Evidence-based treatment for depression and adherence counseling could boost HIV treatment.

Patients who are depressed and who have HIV could benefit from evidence-based treatment for depression and adherence counseling, according to recent research. The study was conducted by Steven Safren, PhD, of the Department of Psychology at the University of Miami and colleagues, and was published in The Lancet HIV on September 19, 2016.

Depression and poor adherence to antiretroviral therapy (ART) go hand-in-hand. “Integrating cognitive behavioral therapy (CBT) for depression with adherence counseling using the Life-Steps approach (CBT-AD) has an emerging evidence base,” say the researchers, adding that their aim with this study was to test the efficiency of that combination.
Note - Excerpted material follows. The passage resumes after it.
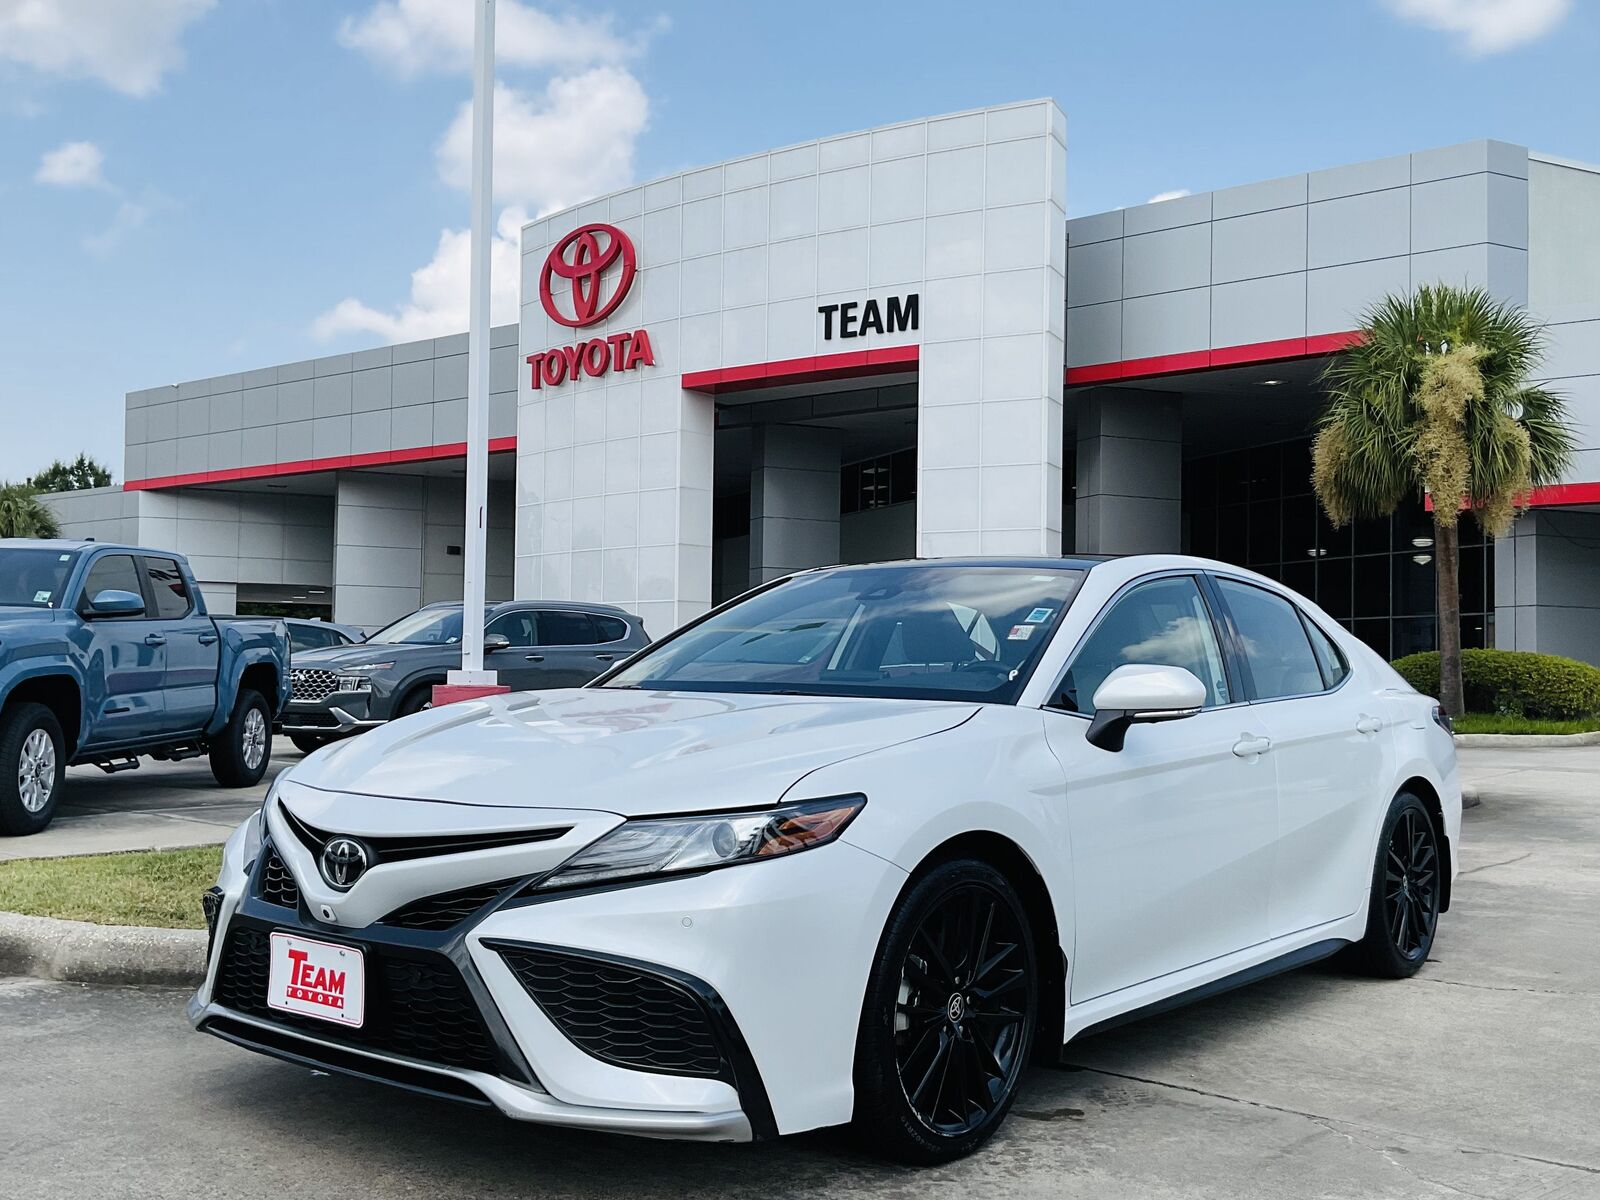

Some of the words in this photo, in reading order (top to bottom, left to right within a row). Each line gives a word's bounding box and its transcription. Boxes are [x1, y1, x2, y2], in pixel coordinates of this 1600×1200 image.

[817, 293, 920, 340] TEAM
[526, 328, 656, 390] TOYOTA
[288, 948, 346, 995] TEAM
[287, 987, 344, 1007] TOYOTA
The study was designed as a three-arm randomized controlled trial. Participants were drawn from three centers in New England and were randomly assigned to a CBT-AD group, an information and supportive therapy group plus adherence counseling (ISP-AD) group, or an enhanced treatment as usual (ETAU) group which received only adherence counseling.

A total of 83 participants in the CBT-AD group completed the full assessment, as did 87 from the ISP-AD group, and 46 from the ETAU group. “The primary outcome was ART adherence at the end of treatment (4 month assessment) assessed via electronic pill caps (Medication Event Monitoring System [MEMS]) with correction for pocketed doses, analyzed by intention to treat,” say the researchers.
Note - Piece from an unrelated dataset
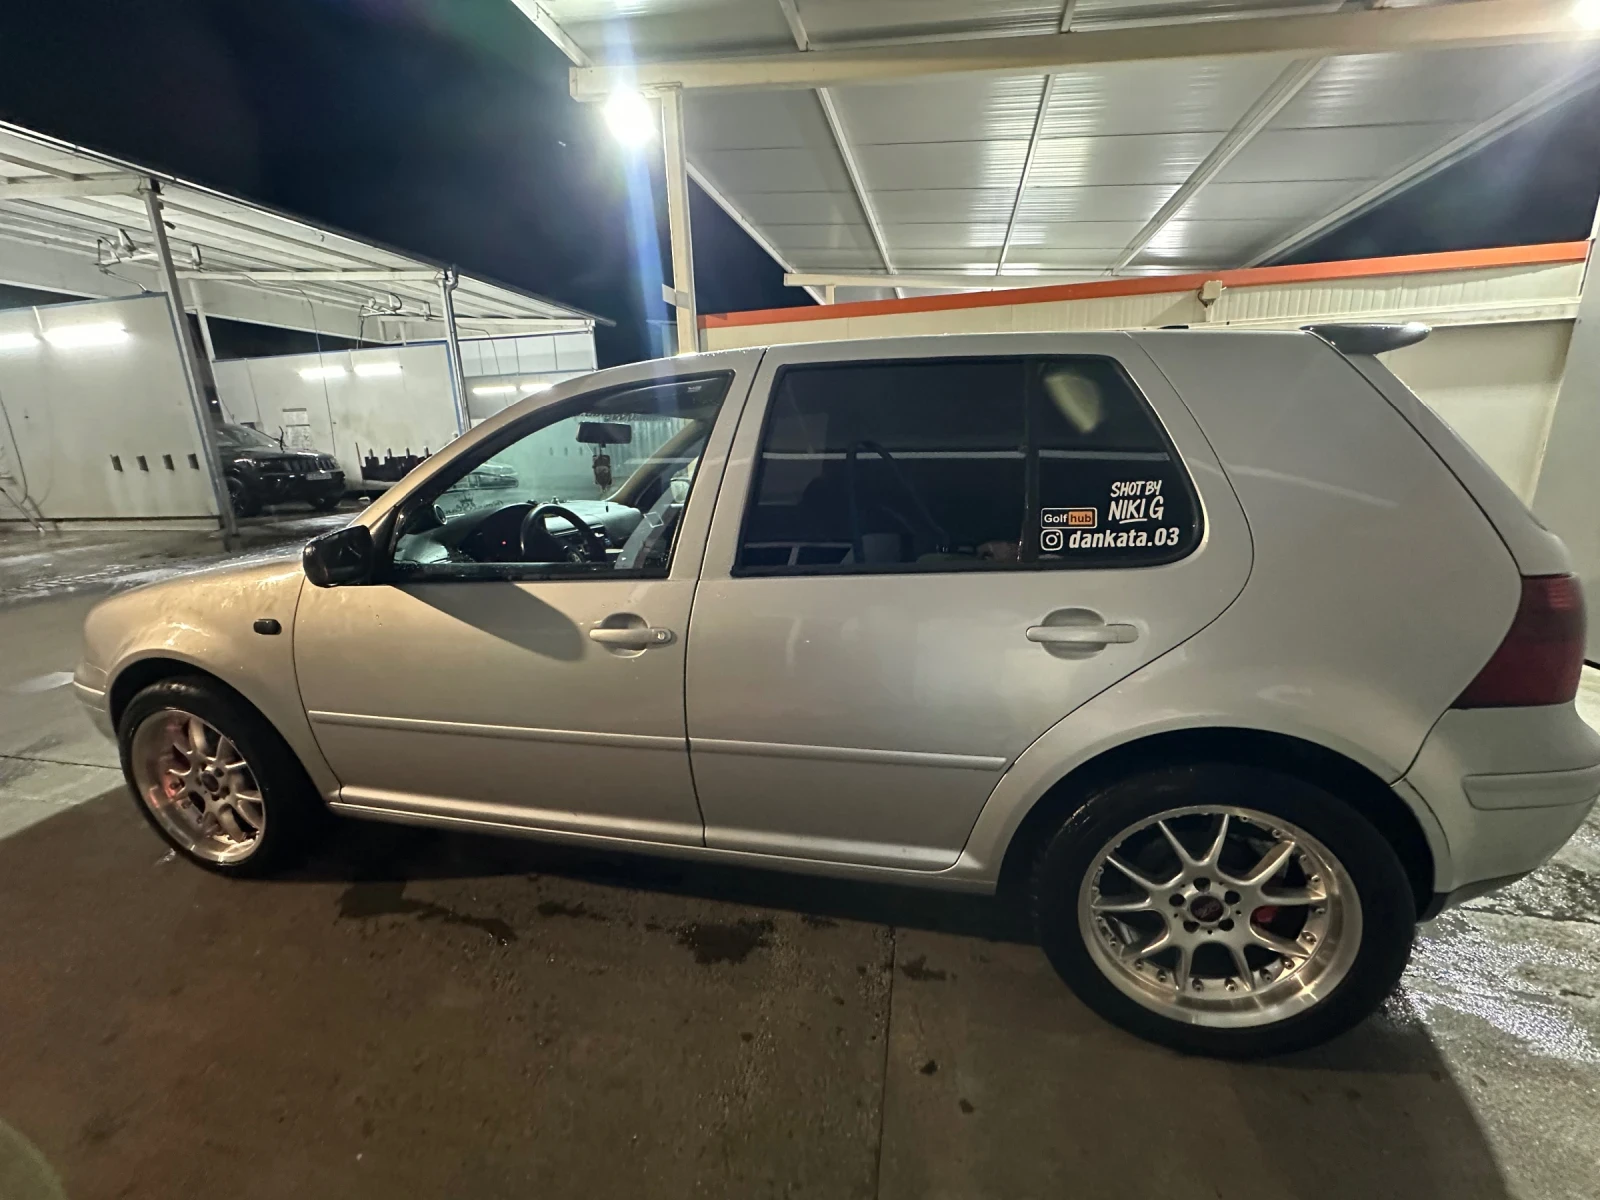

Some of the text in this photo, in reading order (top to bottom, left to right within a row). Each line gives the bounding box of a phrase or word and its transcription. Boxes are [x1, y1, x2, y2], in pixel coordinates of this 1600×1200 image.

There were no adverse events during the course of the study, and there were no significant differences between those in the CBT-AD group and the ISP-AD group. However, those in the ETAU group had less improvement in both adherence and depression scores. The researchers say, “Future efforts should examine how to best disseminate effective psychosocial depression treatments such as CBT-AD to people living with HIV/AIDS and examine the cost-effectiveness of such approaches.”